Output every record verbatim, and omit each picture.
[Opening Data records section]
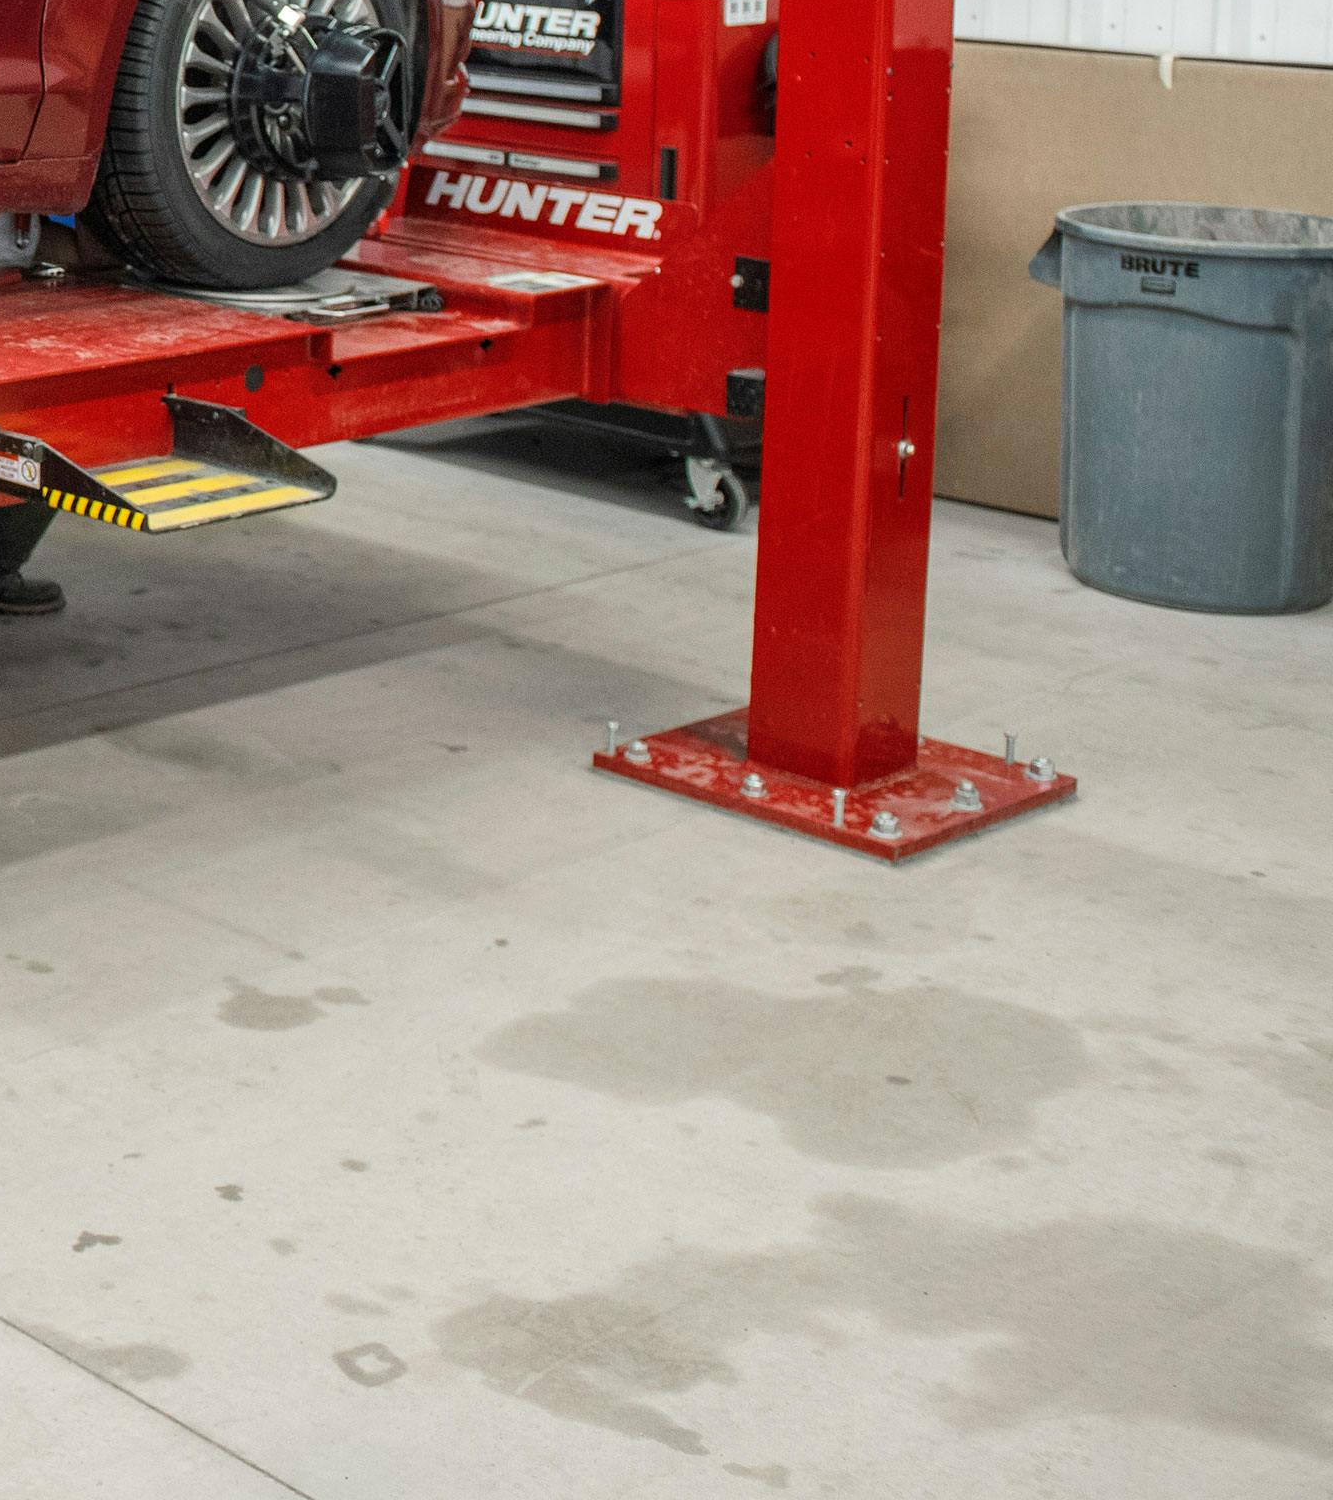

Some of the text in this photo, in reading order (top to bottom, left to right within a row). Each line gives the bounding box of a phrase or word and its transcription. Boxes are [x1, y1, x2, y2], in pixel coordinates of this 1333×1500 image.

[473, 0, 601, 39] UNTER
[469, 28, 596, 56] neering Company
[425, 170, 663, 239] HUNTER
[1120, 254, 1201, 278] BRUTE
[Closing Data records section]
> _Exercise result_
Some of the text in this photo, in reading order (top to bottom, left to right within a row). Each line gives the bounding box of a phrase or word and its transcription. Boxes are [x1, y1, x2, y2], in pixel coordinates of this 1333×1500 image.

[473, 0, 601, 39] UNTER
[469, 28, 596, 56] neering Company
[425, 170, 663, 239] HUNTER
[1120, 254, 1201, 278] BRUTE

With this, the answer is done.